The excerpt from Littlewood is as follows:

Mathematics \dots has no grip on the real world; if probability is to deal with the real world it must contain elements outside mathematics, the \it meaning\rm\ of «probability» must relate to the real world; and there must be one or more «primitive» propositions about the real world, from which we can then proceed deductively (i.e., mathematically).
We will suppose (as we may by lumping several primitive propositions together) that there is just one primitive proposition, the «probability axiom», and we will call it «$A$» for short.

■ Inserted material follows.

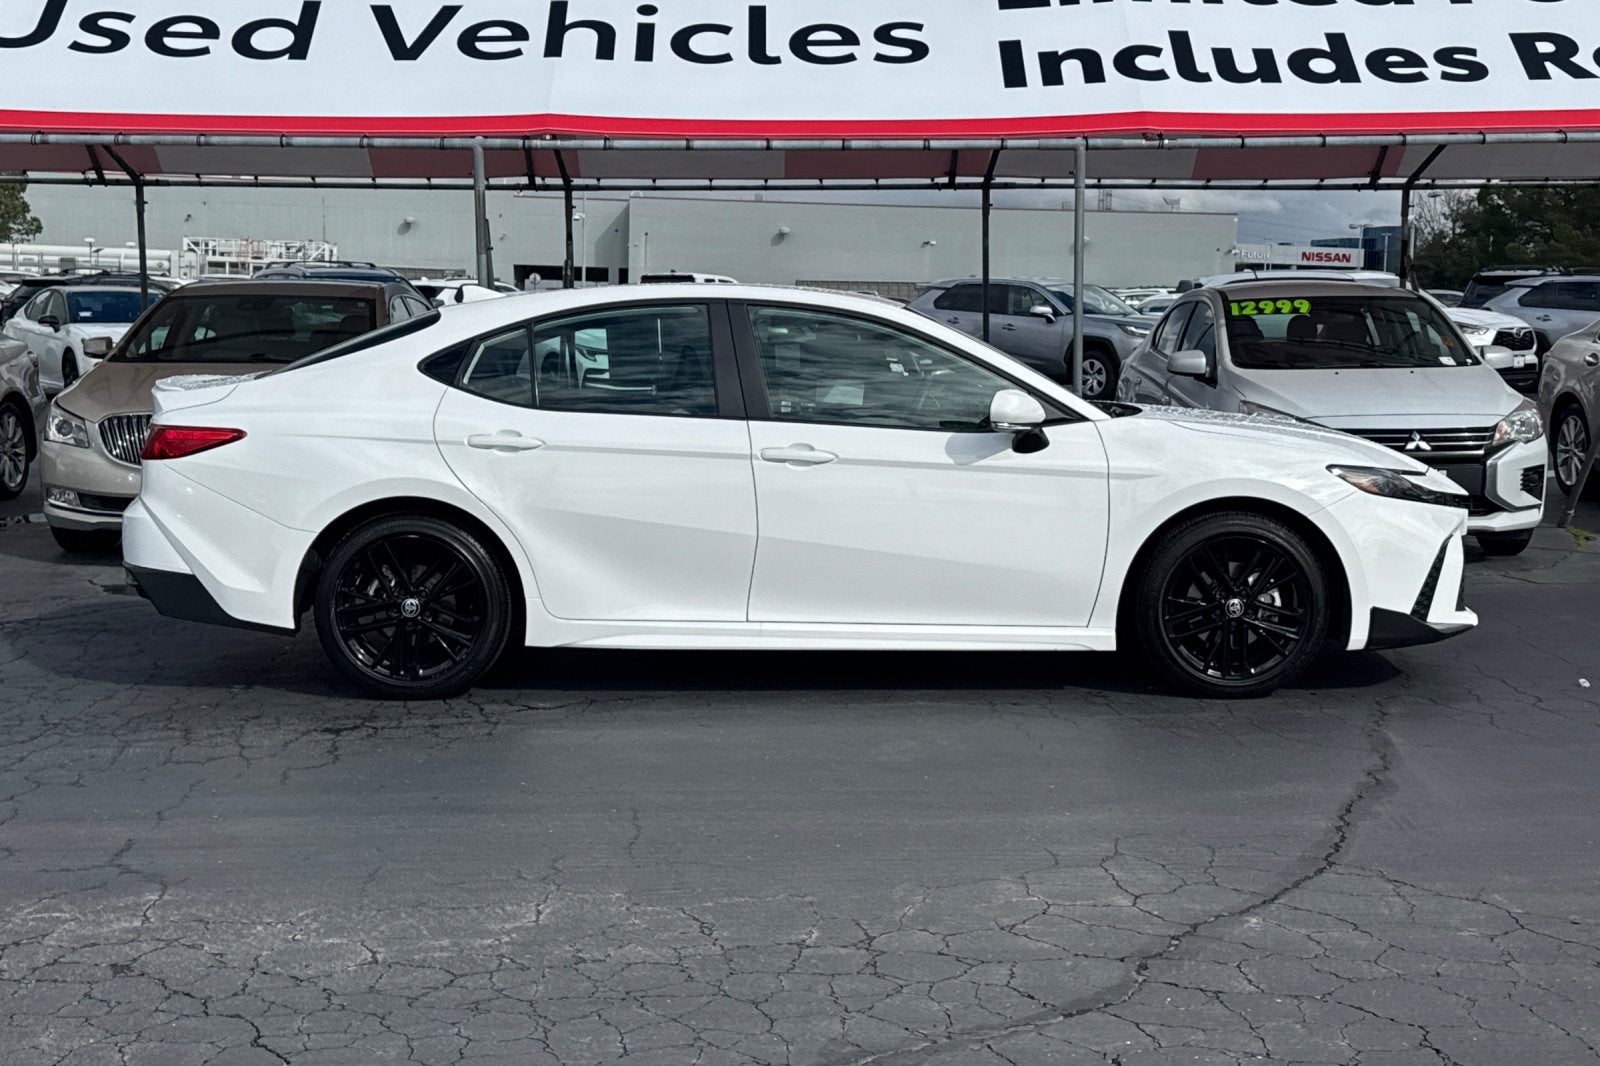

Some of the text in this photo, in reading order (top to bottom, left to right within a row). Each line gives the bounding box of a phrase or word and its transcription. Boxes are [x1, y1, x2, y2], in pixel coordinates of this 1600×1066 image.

[370, 1, 930, 65] Vehicles
[998, 30, 1600, 88] Includes R
[1301, 251, 1351, 263] NISSAN
[1230, 299, 1312, 316] 12999

\dots the «real» probability problem; what are the axiom $A$ and the meaning of «probability» to be, and how can we justify $A$? It will be instructive to consider the attempt called the «frequency theory». It is natural to believe that if (with the natural reservations) an act like throwing a die is repeated $n$ times the proportion of 6's will, with certainty, tend to a limit, $p$ say, as $n \rightarrow \infty$. (Attempts are made to sublimate the limit into some Pickwickian sense---«limit» in inverted commas.

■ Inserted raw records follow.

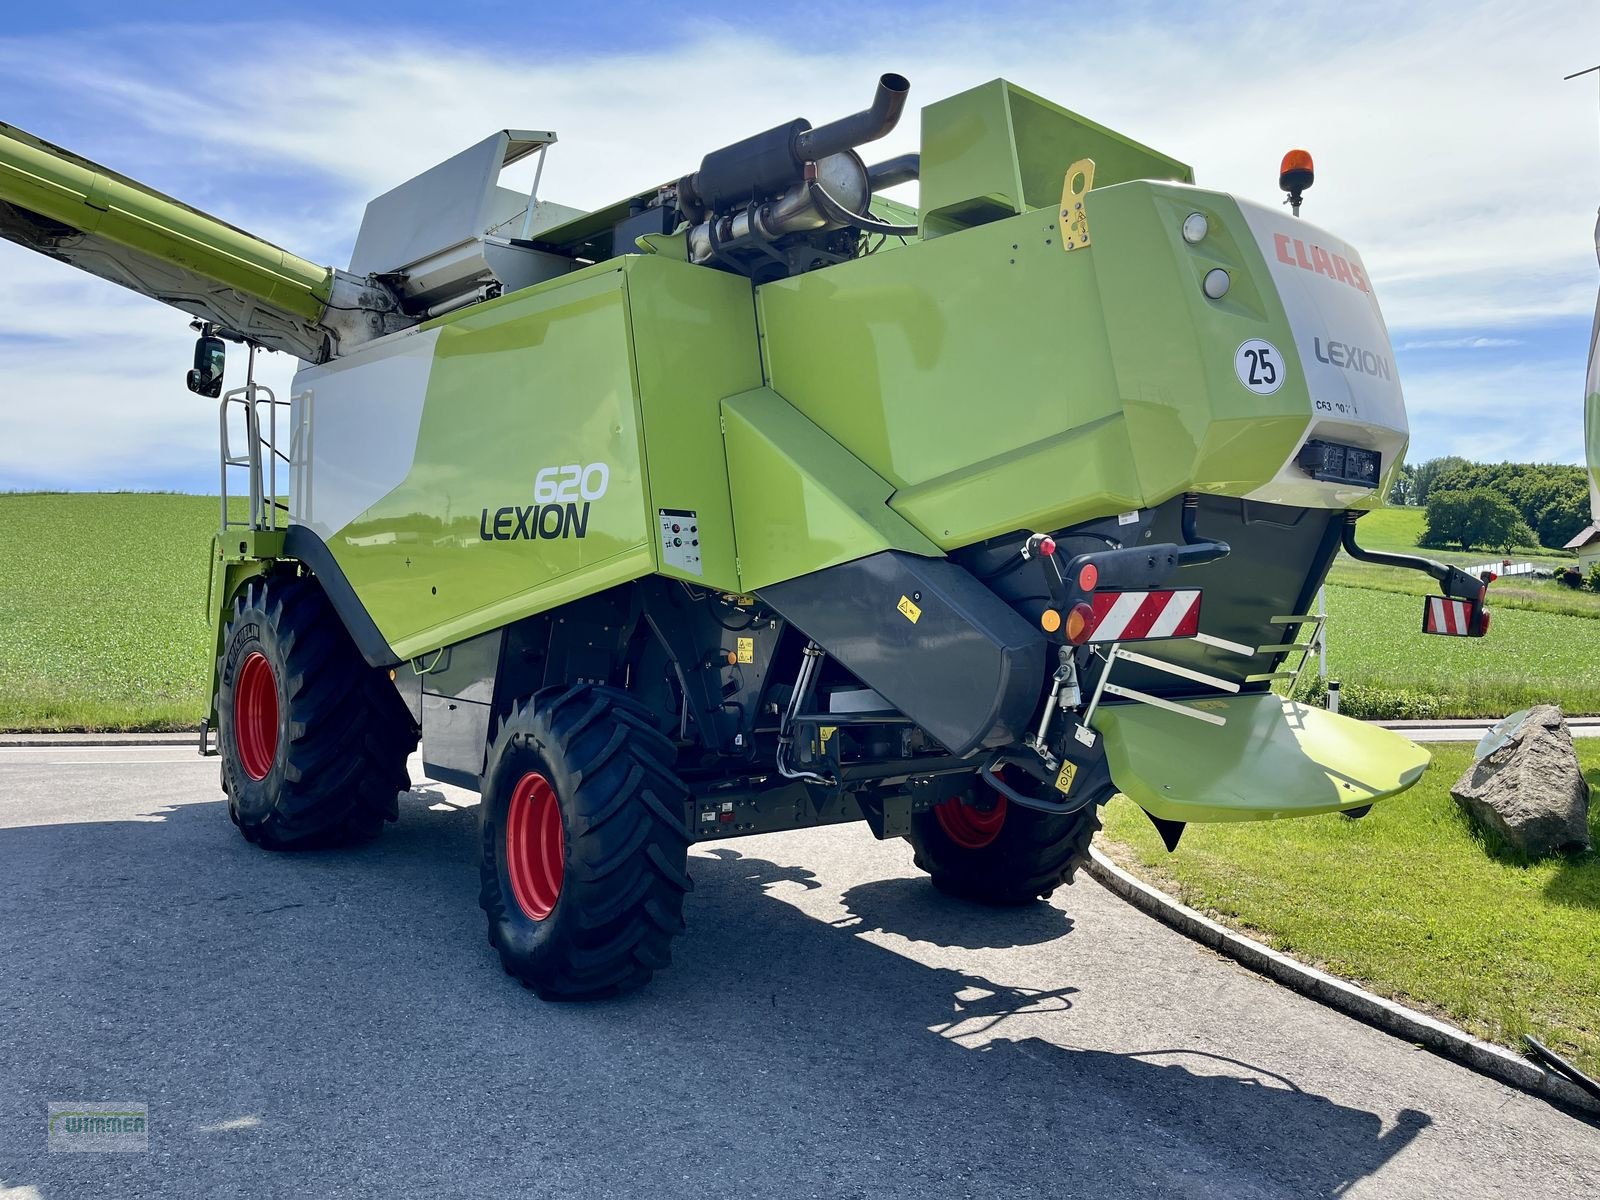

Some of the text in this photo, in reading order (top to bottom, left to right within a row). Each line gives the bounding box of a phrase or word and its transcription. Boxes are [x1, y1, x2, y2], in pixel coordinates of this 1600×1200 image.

[1273, 233, 1369, 293] CLAAS
[1244, 349, 1276, 385] 25
[1314, 337, 1391, 381] LEXION
[534, 462, 609, 504] 620
[480, 502, 590, 540] LEXION

But either you mean the ordinary limit, or else you have the problem of explaing how «limit» behaves, and you are no further. You do not make an illegitimate conception legitimate by putting it into inverted commas.) If we take this proposition as $A$ we can at least settle off-hand the other problem, of the meaning of probability, we can define its measure for the event in question to be the number $p$. But for the rest this $A$ takes us nowhere. Suppose we throw 1000 times and wish to know what to expect. Is 1000 large enough for the convergence to have got under way, and how far? $A$ does not say. We have, then, to add to it something about the rate of convergence.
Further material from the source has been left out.